*** Opening of Material for this exercise ***

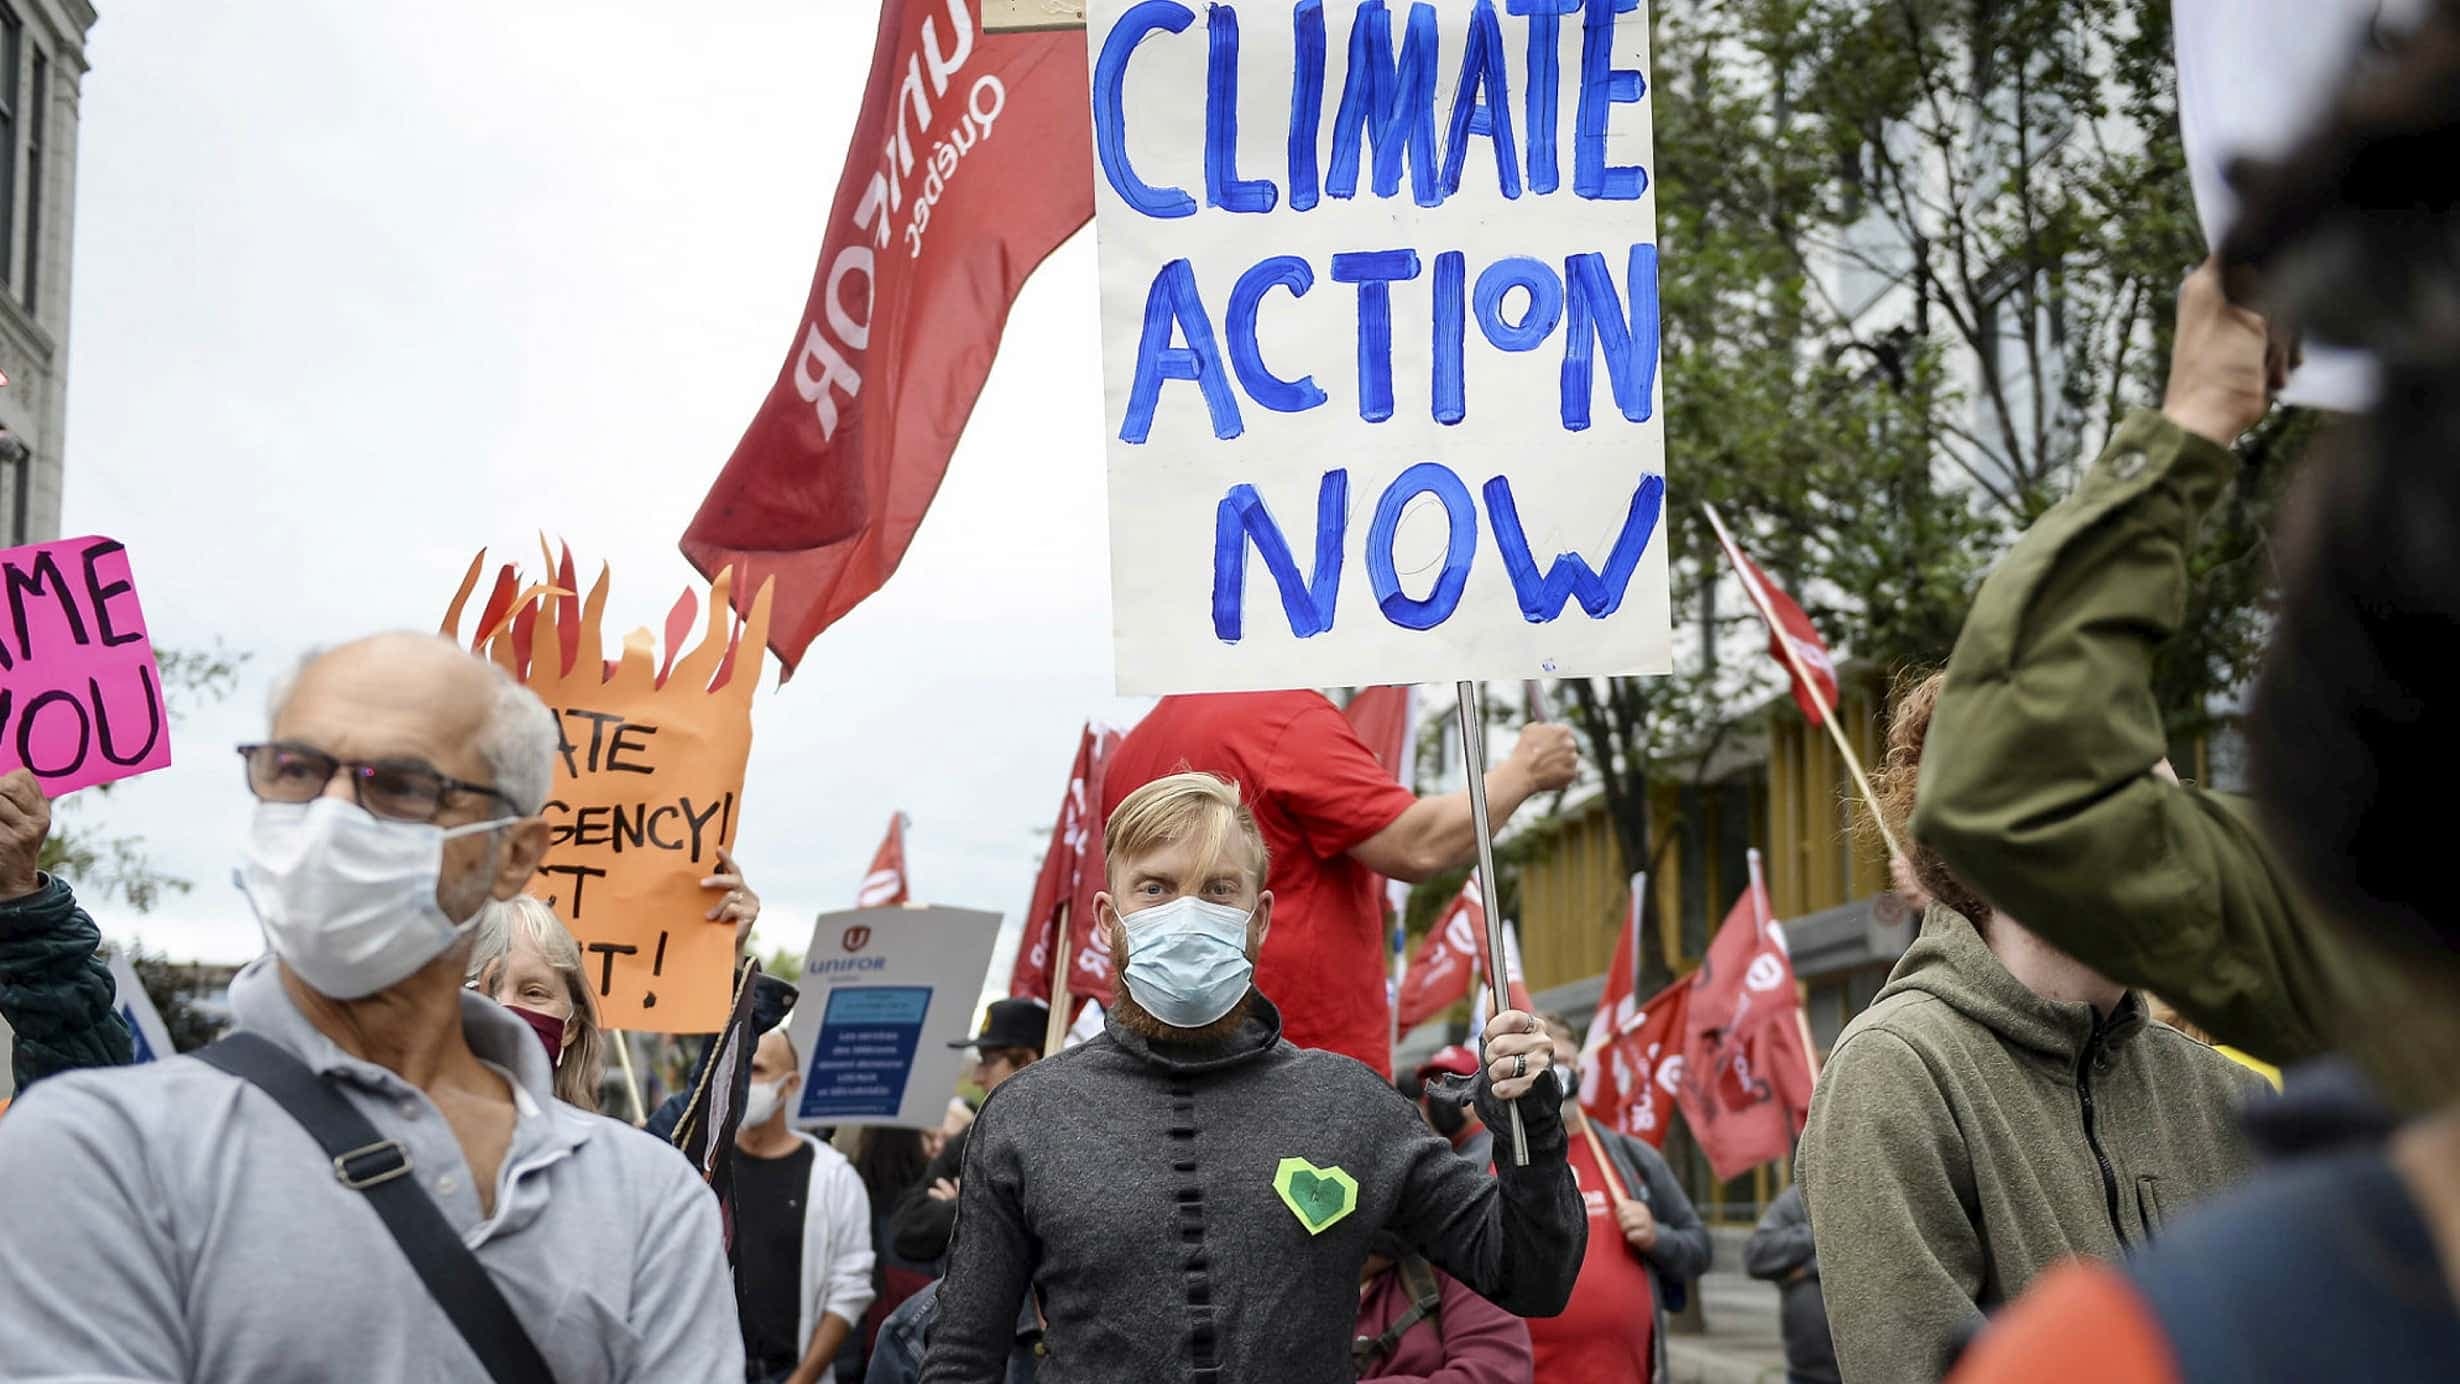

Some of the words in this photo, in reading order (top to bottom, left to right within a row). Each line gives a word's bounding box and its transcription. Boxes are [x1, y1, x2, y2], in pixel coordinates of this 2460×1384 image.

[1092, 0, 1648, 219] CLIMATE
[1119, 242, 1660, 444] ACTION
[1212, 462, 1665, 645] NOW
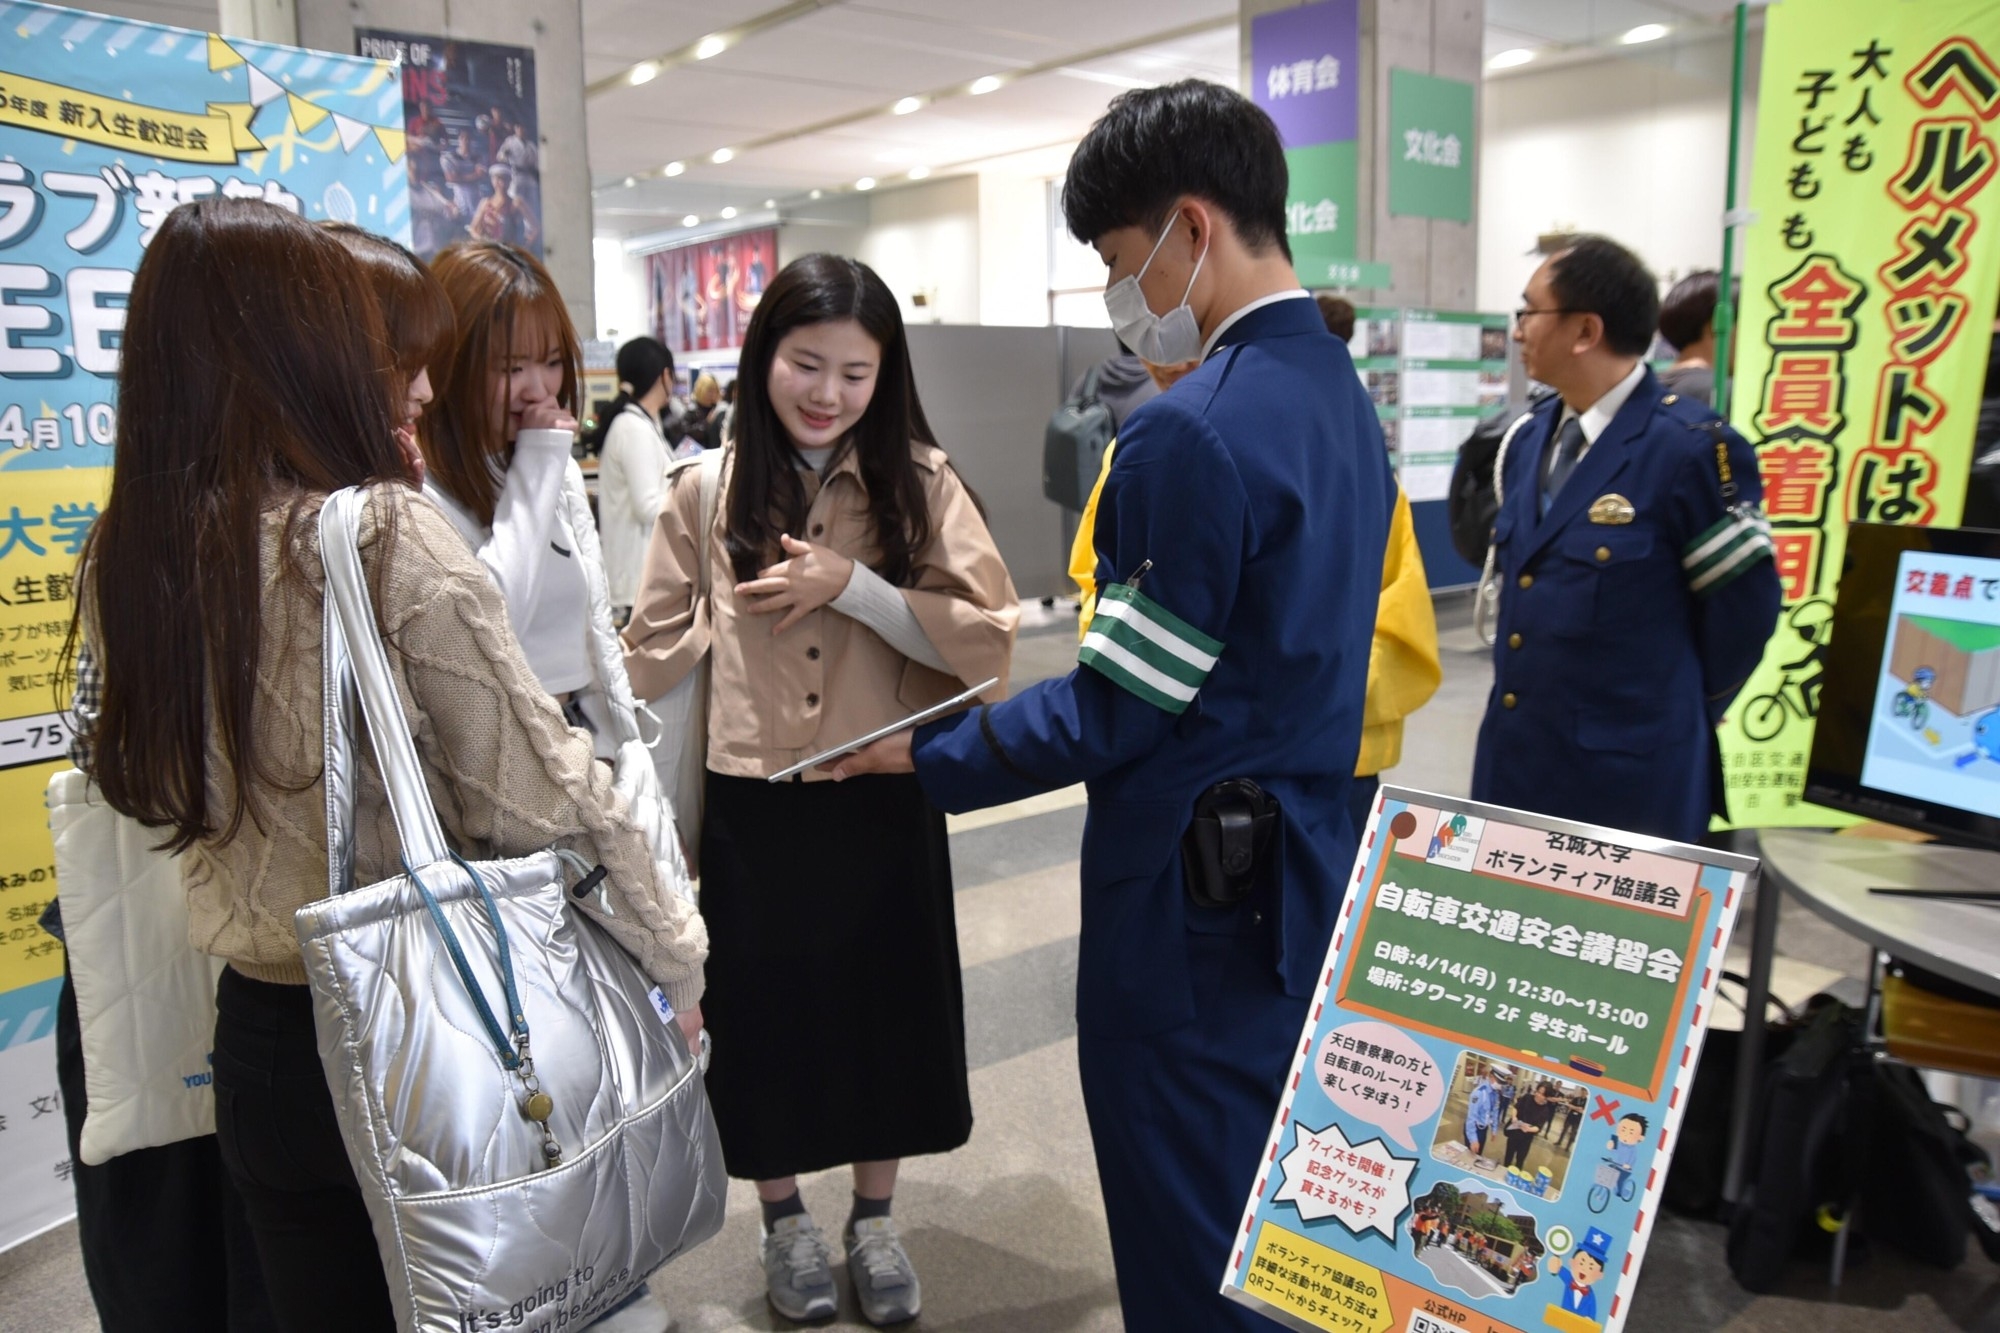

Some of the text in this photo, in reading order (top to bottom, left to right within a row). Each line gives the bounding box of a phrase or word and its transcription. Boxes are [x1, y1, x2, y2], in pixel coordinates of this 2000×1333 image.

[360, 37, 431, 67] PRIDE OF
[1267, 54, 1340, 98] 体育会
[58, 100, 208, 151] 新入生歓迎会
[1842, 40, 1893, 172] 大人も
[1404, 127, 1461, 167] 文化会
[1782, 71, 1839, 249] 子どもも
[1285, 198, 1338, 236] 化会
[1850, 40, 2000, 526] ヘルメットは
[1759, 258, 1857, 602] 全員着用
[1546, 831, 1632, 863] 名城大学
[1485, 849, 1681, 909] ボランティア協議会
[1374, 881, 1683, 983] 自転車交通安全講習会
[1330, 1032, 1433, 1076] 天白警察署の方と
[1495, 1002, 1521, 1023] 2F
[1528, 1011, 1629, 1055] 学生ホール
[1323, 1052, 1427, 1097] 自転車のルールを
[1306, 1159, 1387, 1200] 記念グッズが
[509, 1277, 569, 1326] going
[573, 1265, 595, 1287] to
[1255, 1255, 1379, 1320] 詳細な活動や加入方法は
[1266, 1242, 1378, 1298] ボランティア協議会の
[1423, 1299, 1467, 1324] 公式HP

*** Close of Material for this exercise ***

**What you are asked to do:** Without the pictures, return all the records precisely as they stand.

**Output of the exercise:**
Some of the words in this photo, in reading order (top to bottom, left to right within a row). Each line gives a word's bounding box and its transcription. Boxes are [x1, y1, x2, y2], in pixel coordinates of this 2460×1384 image.

[1092, 0, 1648, 219] CLIMATE
[1119, 242, 1660, 444] ACTION
[1212, 462, 1665, 645] NOW

Some of the text in this photo, in reading order (top to bottom, left to right within a row). Each line gives the bounding box of a phrase or word and its transcription. Boxes are [x1, y1, x2, y2], in pixel coordinates of this 2000×1333 image.

[360, 37, 431, 67] PRIDE OF
[1267, 54, 1340, 98] 体育会
[58, 100, 208, 151] 新入生歓迎会
[1842, 40, 1893, 172] 大人も
[1404, 127, 1461, 167] 文化会
[1782, 71, 1839, 249] 子どもも
[1285, 198, 1338, 236] 化会
[1850, 40, 2000, 526] ヘルメットは
[1759, 258, 1857, 602] 全員着用
[1546, 831, 1632, 863] 名城大学
[1485, 849, 1681, 909] ボランティア協議会
[1374, 881, 1683, 983] 自転車交通安全講習会
[1330, 1032, 1433, 1076] 天白警察署の方と
[1495, 1002, 1521, 1023] 2F
[1528, 1011, 1629, 1055] 学生ホール
[1323, 1052, 1427, 1097] 自転車のルールを
[1306, 1159, 1387, 1200] 記念グッズが
[509, 1277, 569, 1326] going
[573, 1265, 595, 1287] to
[1255, 1255, 1379, 1320] 詳細な活動や加入方法は
[1266, 1242, 1378, 1298] ボランティア協議会の
[1423, 1299, 1467, 1324] 公式HP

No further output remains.